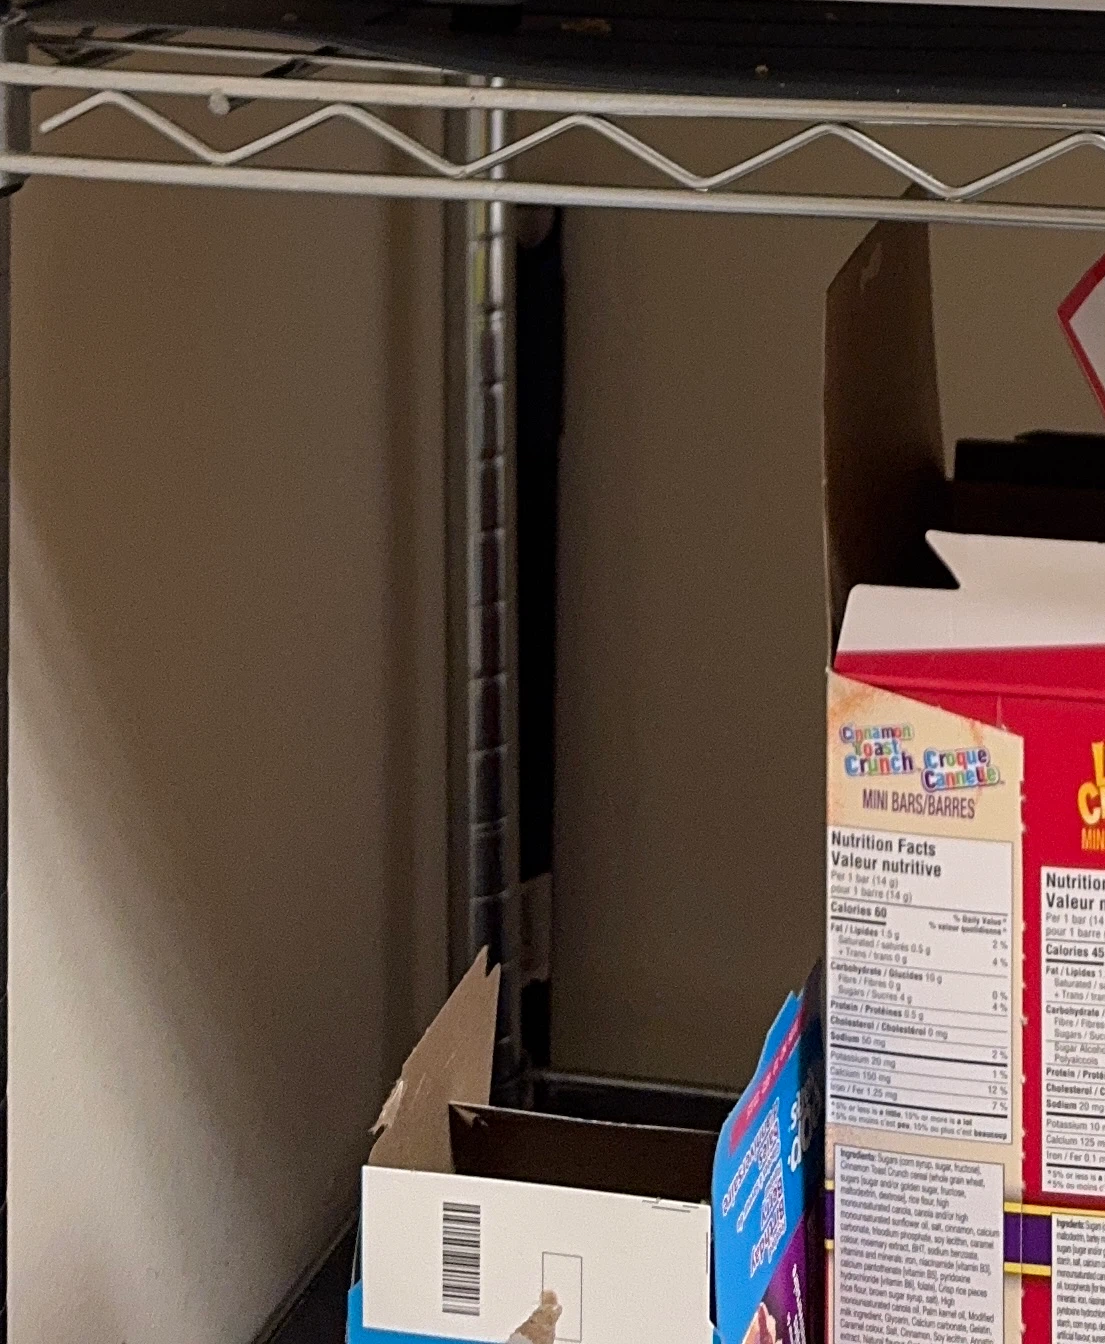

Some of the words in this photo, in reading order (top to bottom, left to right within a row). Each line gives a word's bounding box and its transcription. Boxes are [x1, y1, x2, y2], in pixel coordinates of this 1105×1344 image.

[853, 740, 900, 757] Toast
[845, 751, 916, 777] Crunch
[924, 746, 990, 769] Croque
[863, 788, 888, 810] MINI
[892, 791, 975, 819] BARS/BARRES
[831, 831, 893, 852] Nutrition
[898, 838, 936, 857] Facts
[831, 851, 877, 869] Valeur
[883, 860, 942, 877] nutritive
[831, 871, 845, 881] Per
[855, 873, 870, 883] bar
[872, 874, 887, 886] (14
[861, 886, 883, 899] barre
[886, 889, 900, 901] (14
[1046, 893, 1094, 911] Valeur
[831, 902, 871, 916] Calories
[1046, 913, 1060, 923] Per
[1065, 914, 1068, 924] 1
[1072, 914, 1086, 925] bar
[1089, 915, 1104, 926] (14
[831, 923, 842, 932] Fat
[851, 925, 878, 938] Lipides
[1046, 928, 1066, 937] pour
[1070, 927, 1074, 936] 1
[1078, 928, 1100, 939] barre
[1046, 944, 1088, 957] Calories
[1092, 947, 1104, 958] 45
[1046, 966, 1059, 975] Fat
[1066, 968, 1095, 979] Lipides
[1062, 990, 1084, 1000] Trans
[831, 1000, 858, 1012] Protein
[1046, 1005, 1099, 1017] Carbohydrate
[1054, 1017, 1073, 1027] Fibre
[1046, 1067, 1075, 1078] Protein
[988, 1085, 998, 1094] 12
[1046, 1083, 1092, 1095] Cholesterol
[1046, 1099, 1077, 1110] Sodium
[1079, 1102, 1089, 1111] 20
[1092, 1105, 1104, 1113] mg
[1046, 1119, 1087, 1130] Potassium
[1090, 1122, 1100, 1131] 10
[1046, 1135, 1077, 1146] Calcium
[1080, 1137, 1095, 1147] 125
[1046, 1150, 1062, 1160] Iron
[1070, 1152, 1082, 1162] Fer
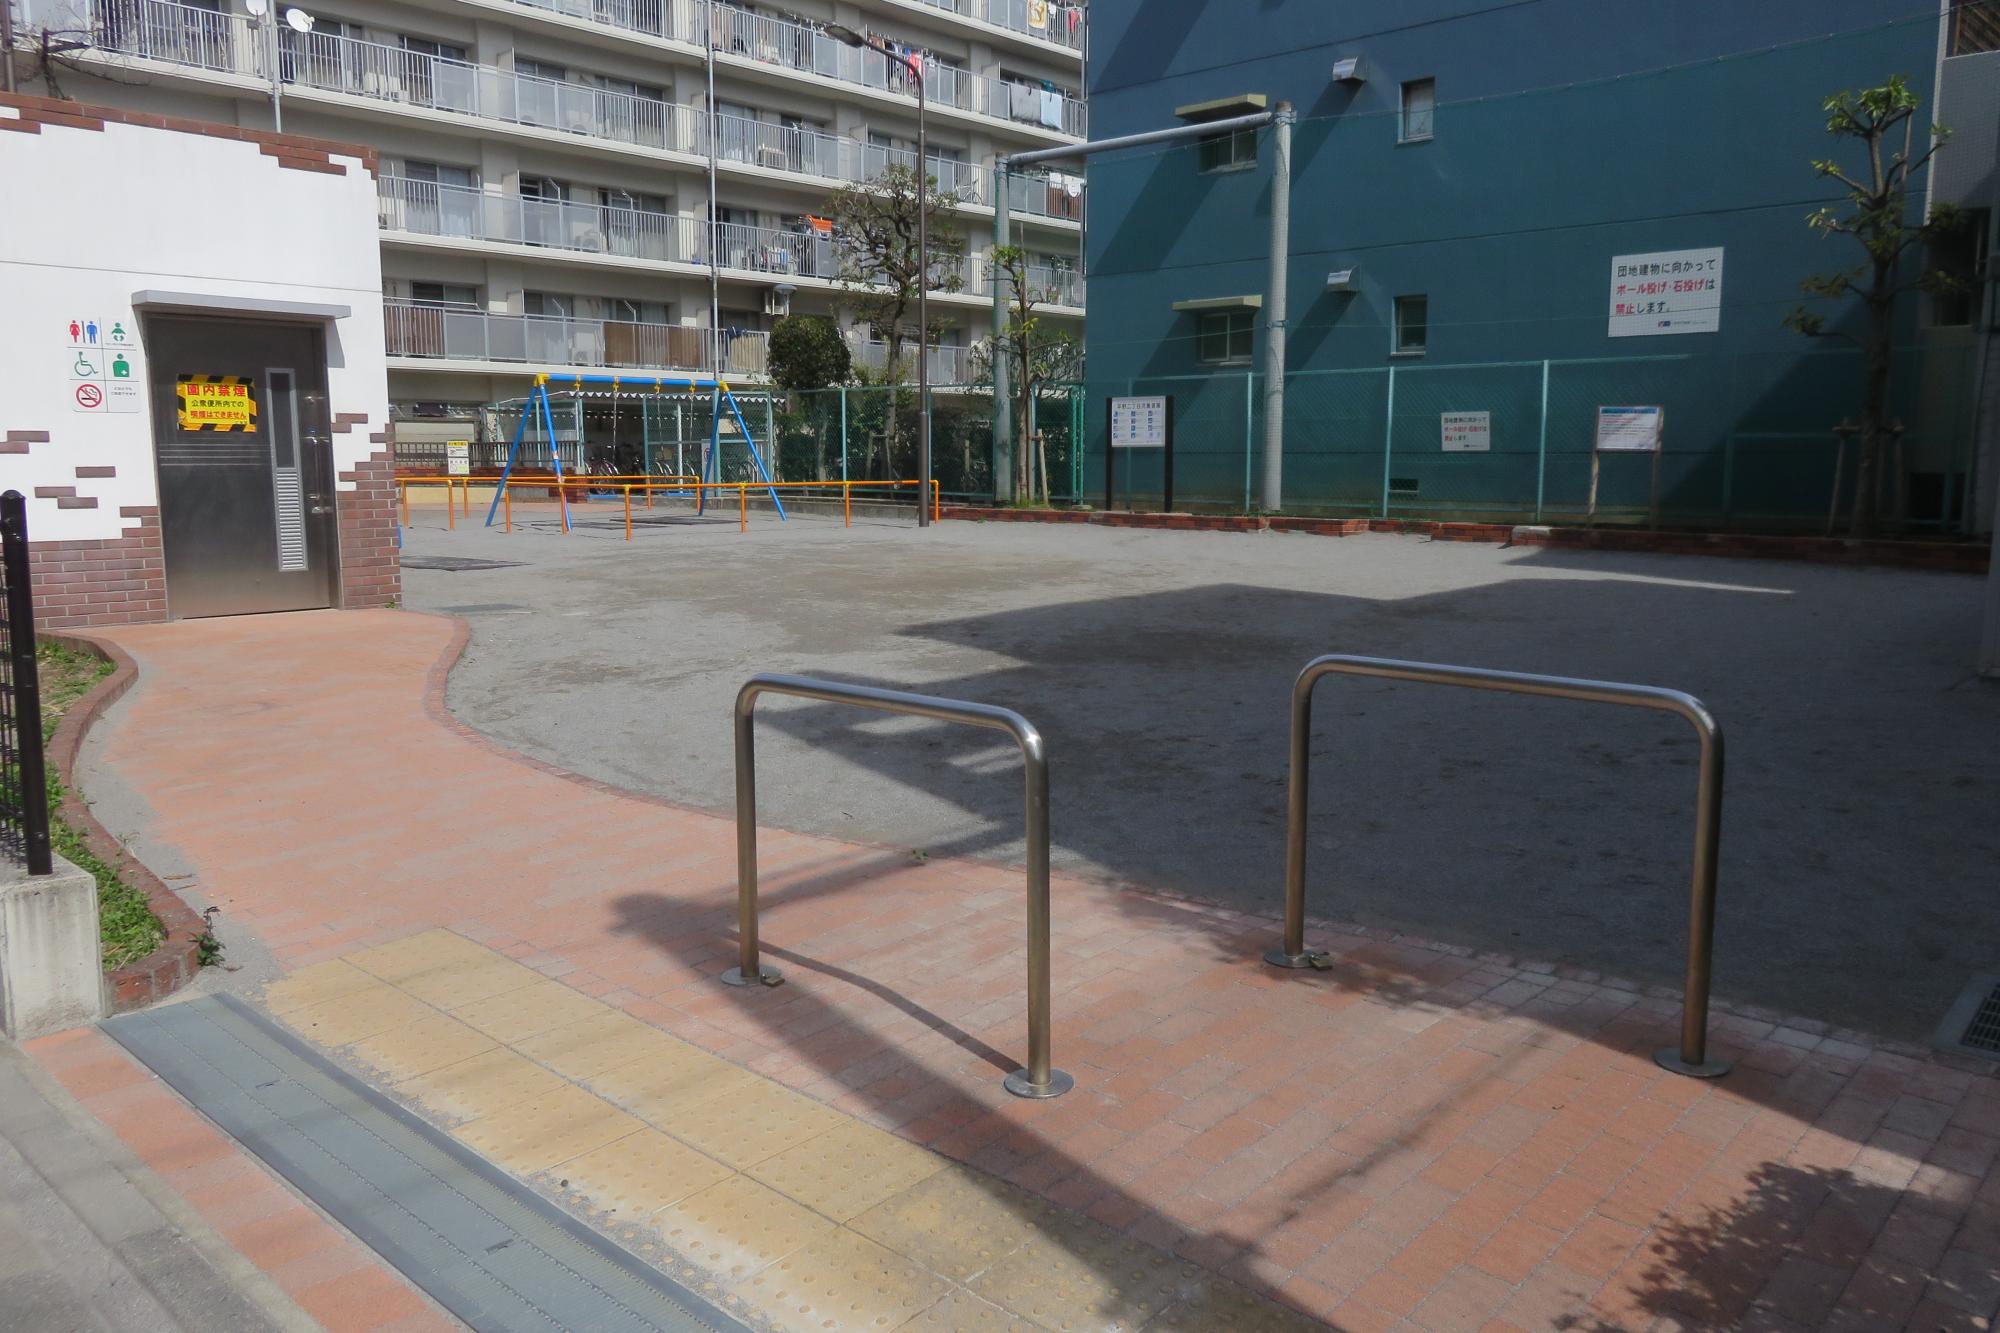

# # # # #

BRIEF
Find the string "Protein" in the entries above and return each line that holds it.

SOLVED EXERCISE
[831, 1000, 858, 1012] Protein
[1046, 1067, 1075, 1078] Protein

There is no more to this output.